# Error Analysis


#### **1. Retrieval Precision: Hits vs. Near Misses**

In a legal context, a retrieval "fail" often simply means the exact paragraph was missed, while the correct article or section was still found.

* **Single-Turn Resilience:** **61.1%** of retrieval misses were "Near Misses," where the system found the correct article/recital/annex but the wrong specific paragraph or subpoint.
* **Reranking Impact:** Reranking significantly tightens precision. In multi-turn scenarios, **83.6%** of misses were "Near Misses," ensuring the model almost always had the correct article even if it missed the specific paragraph.

#### **2. RAG Behavior Categories**

We categorize the system's output into four types to understand its failure modes:

* **Success (Retrieval + Good Answer):** The target state.

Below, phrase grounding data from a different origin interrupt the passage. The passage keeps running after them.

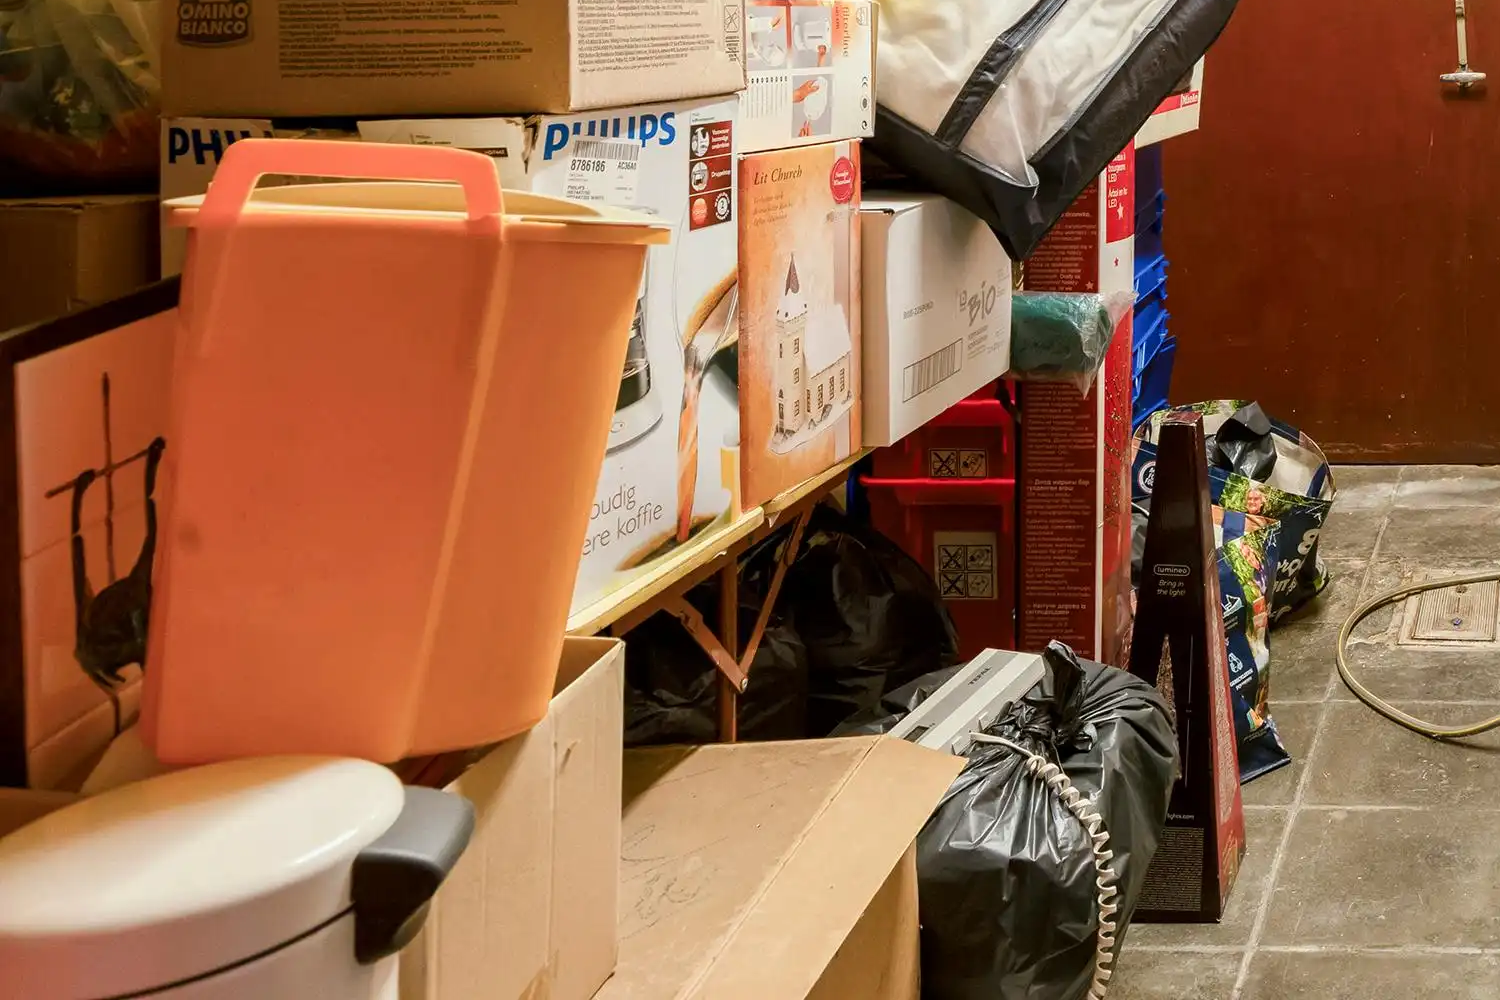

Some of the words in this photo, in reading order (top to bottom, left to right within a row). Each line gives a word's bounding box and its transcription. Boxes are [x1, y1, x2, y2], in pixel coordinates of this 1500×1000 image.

[180, 2, 249, 19] OMINO
[181, 20, 247, 35] BIANCO
[571, 159, 606, 172] 8786186
[753, 171, 768, 185] Lit
[771, 165, 803, 183] Church
[1108, 174, 1117, 183] LED
[1108, 199, 1117, 209] LED
[616, 502, 663, 540] koffie
[1157, 566, 1188, 574] lumineo
[1158, 580, 1177, 588] Bring

This occurs in over **90%** of single-turn queries.
* **Lucky Guess (Retrieval Missed + Good Answer):** The model uses its internal knowledge and  closely related context to answer correctly despite missing the specific text. This is common in multi-turn dialogues (**14%**).
* **System Failure (Retrieval Missed + Poor Answer):** The model lacks the specific legal knowledge to answer without the correct text.
* **Context Ignored (Retrieval + Poor Answer):** A rare event (**<5%**) where the model has the right text but fails to use it, indicating high model "faithfulness" to the provided law.



In [9]:
import sys
from pathlib import Path
import glob
import os

sys.path.append(str(Path.cwd().parent))
from src.analysis.analyze_errors import ErrorAnalyzer

project_root = Path.cwd().parent 


In [13]:
print("Single Turn")
file_path = project_root / "results/rag_eval_full_single_queries_20260112_200932.json" 

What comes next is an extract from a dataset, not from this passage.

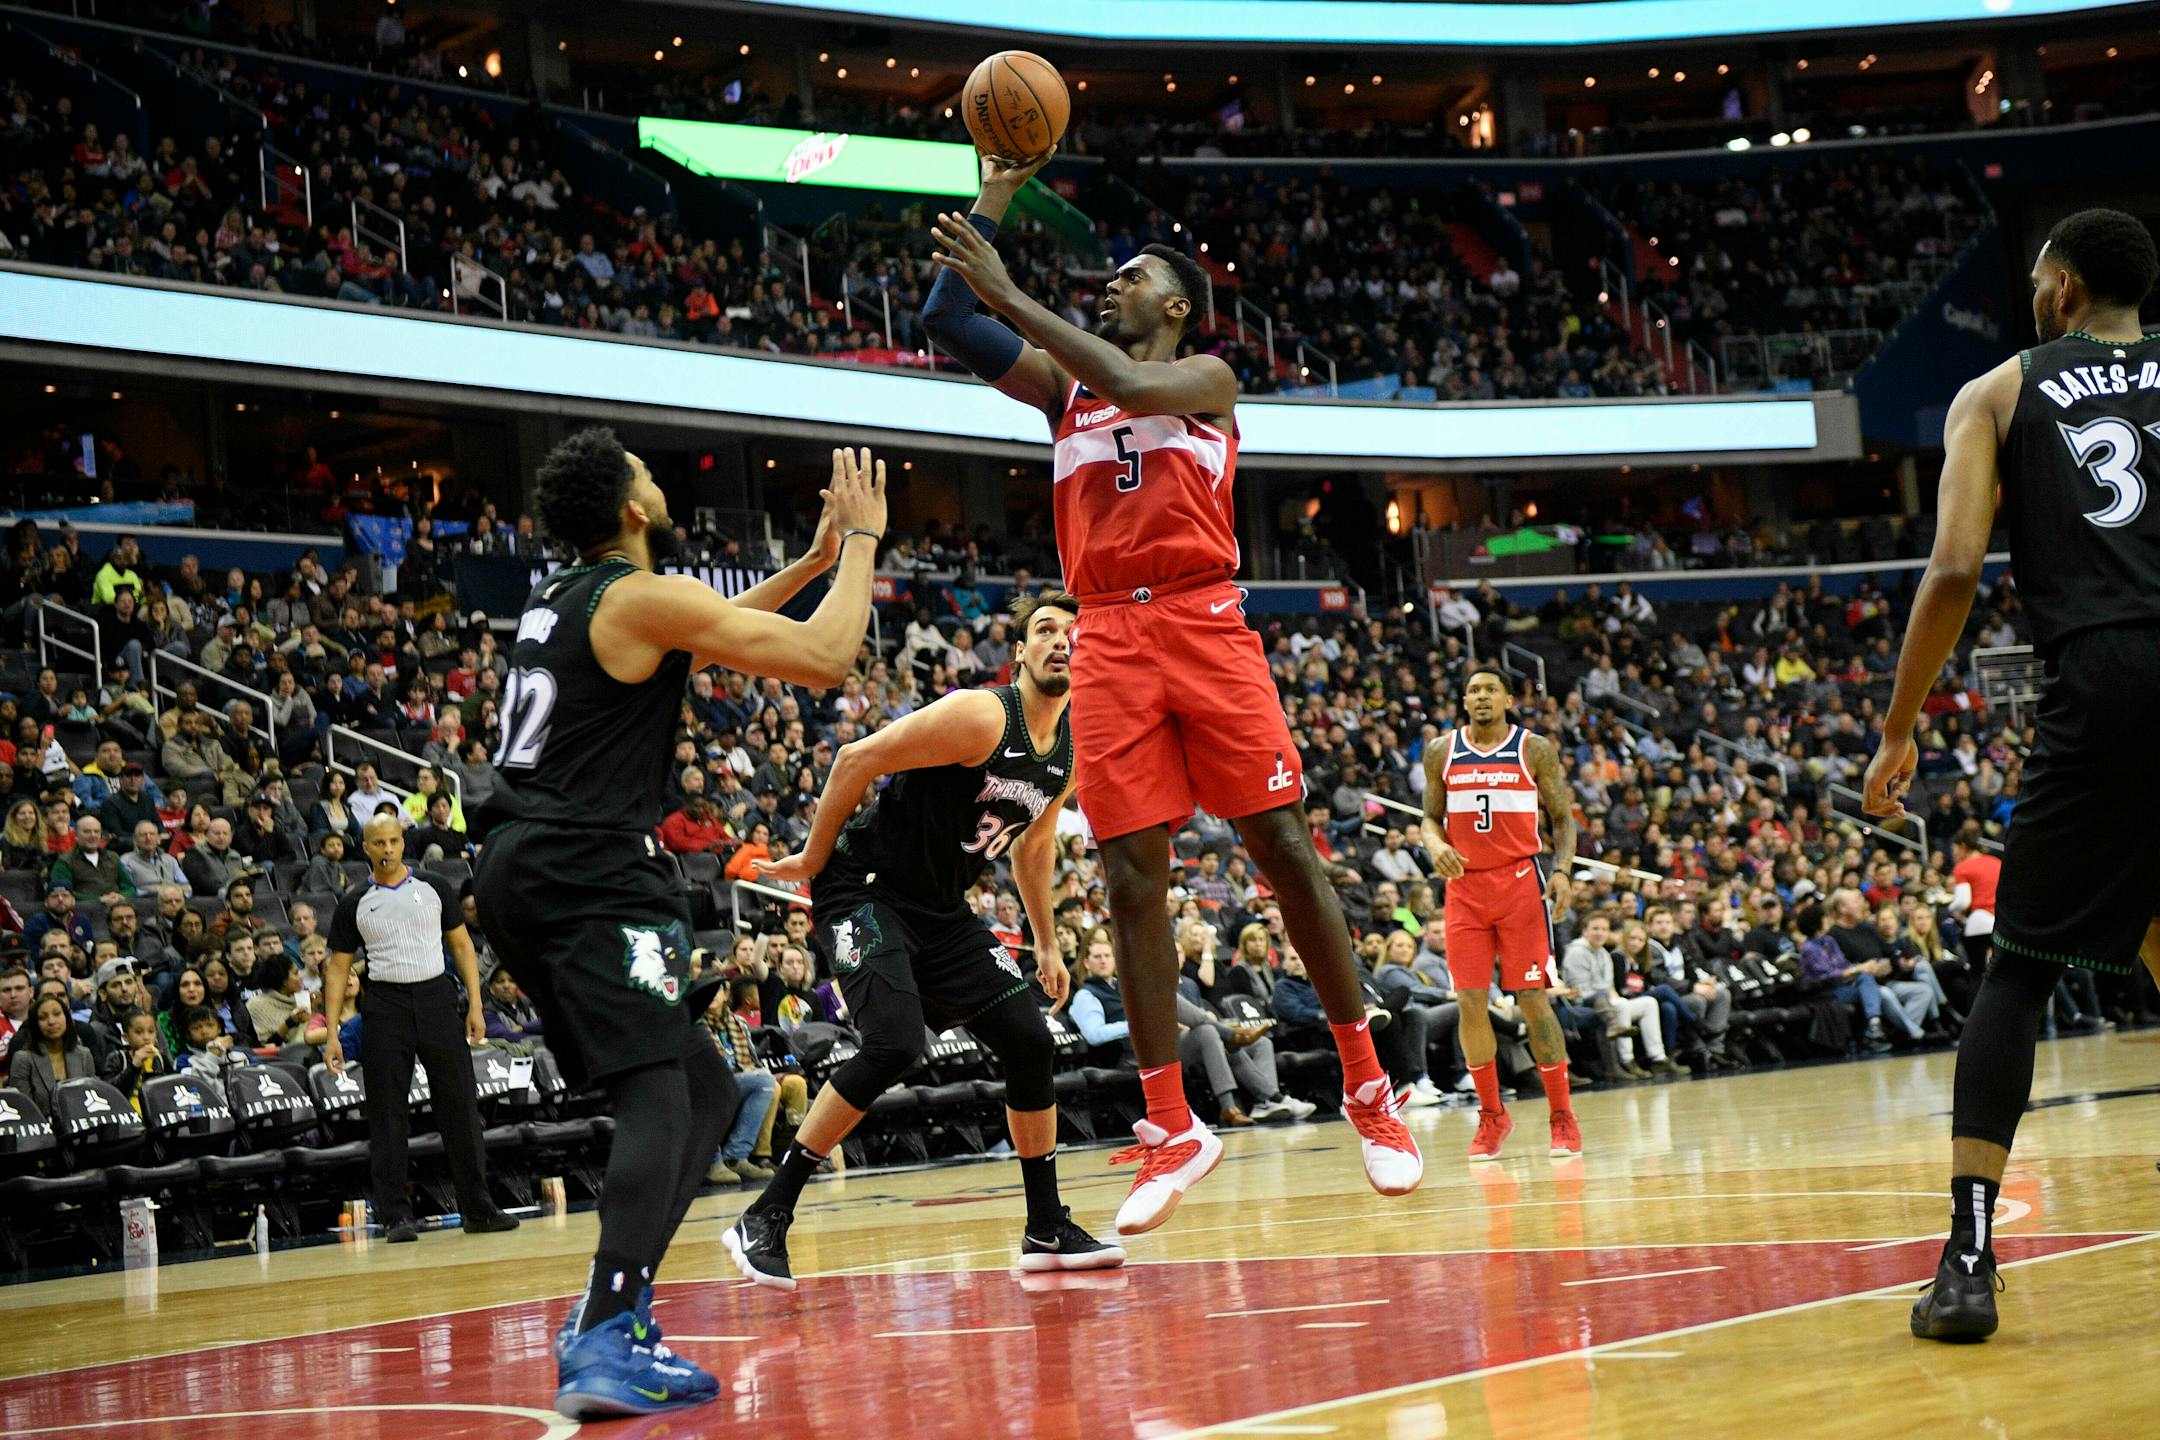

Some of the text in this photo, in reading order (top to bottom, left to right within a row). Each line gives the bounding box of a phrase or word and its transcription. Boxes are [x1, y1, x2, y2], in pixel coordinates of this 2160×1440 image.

analyzer = ErrorAnalyzer(file_path)

analyzer.check_near_misses()
analyzer.categorize_failures()
analyzer.analyze_multi_turn_decay()

print("\nSingle Turn Reranked")
file_path = project_root / "results/rag_eval_full_single_turn_reranked_20260113_020921.json" 

analyzer = ErrorAnalyzer(file_path)

analyzer.check_near_misses()
analyzer.categorize_failures()
analyzer.analyze_multi_turn_decay()

Single Turn
Loaded 747 records for analysis.

RETRIEVAL: Exact Hits vs. Near Misses
----------------------------------------
Total Retrieval Misses: 54
Near Misses (Correct Doc, Wrong Chunk): 33
-> 61.1% of misses were actually close!

RAG BEHAVIOR CATEGORIES
----------------------------------------
Success (Retrieval + Good Answer): 675 (90.4%)
Lucky Guess (Rretrieval missed + Good Answer): 29 (3.9%)
System Failure (Retrieval missed + Poor Answer): 25 (3.3%)
Context Ignored (Retrieval + Poor Answer): 18 (2.4%)

Single Turn Reranked
Loaded 747 records for analysis.

RETRIEVAL: Exact Hits vs. Near Misses
----------------------------------------
Total Retrieval Misses: 27
Near Misses (Correct Doc, Wrong Chunk): 18
-> 66.7% of misses were actually close!

RAG BEHAVIOR CATEGORIES
----------------------------------------
Success (Retrieval + Good Answer): 701 (93.8%)
Context Ignored (Retrieval + Poor Answer): 19 (2.5%)
Lucky Guess (Rretrieval missed + Good Answer): 18 (2.4%)
System Failure 

In [15]:
print("Multi Turn")
file_path = project_root / "results/rag_eval_full_multi_turn_20260114_215828.json" 

analyzer = ErrorAnalyzer(file_path)

analyzer.check_near_misses()
analyzer.categorize_failures()
analyzer.analyze_multi_turn_decay()

print("\nMulti Turn Reranked")
file_path = project_root / "results/rag_eval_full_multi_turn_reranked_20260114_202740.json" 

analyzer = ErrorAnalyzer(file_path)

analyzer.check_near_misses()
analyzer.categorize_failures()
analyzer.analyze_multi_turn_decay()

Multi Turn
Loaded 228 records for analysis.

RETRIEVAL: Exact Hits vs. Near Misses
----------------------------------------
Total Retrieval Misses: 55
Near Misses (Correct Doc, Wrong Chunk): 33
-> 60.0% of misses were actually close!

RAG BEHAVIOR CATEGORIES
----------------------------------------
Success (Retrieval + Good Answer): 165 (72.4%)
System Failure (Retrieval missed + Poor Answer): 30 (13.2%)
Lucky Guess (Rretrieval missed + Good Answer): 25 (11.0%)
Context Ignored (Retrieval + Poor Answer): 8 (3.5%)

Multi-Turn Performance Decay
----------------------------------------
            rag_score hit_rate baseline_score
turn_number                                  
1                8.13    84.5%           5.42
2                7.52    77.5%           7.23
3                6.64    65.2%           7.13
4                7.24    76.5%           7.00

Context Dependency Check:
Turn 1: RAG beat Baseline in 49/71 cases
Turn 2: RAG beat Baseline in 28/71 cases
Turn 3: RAG beat Baseline i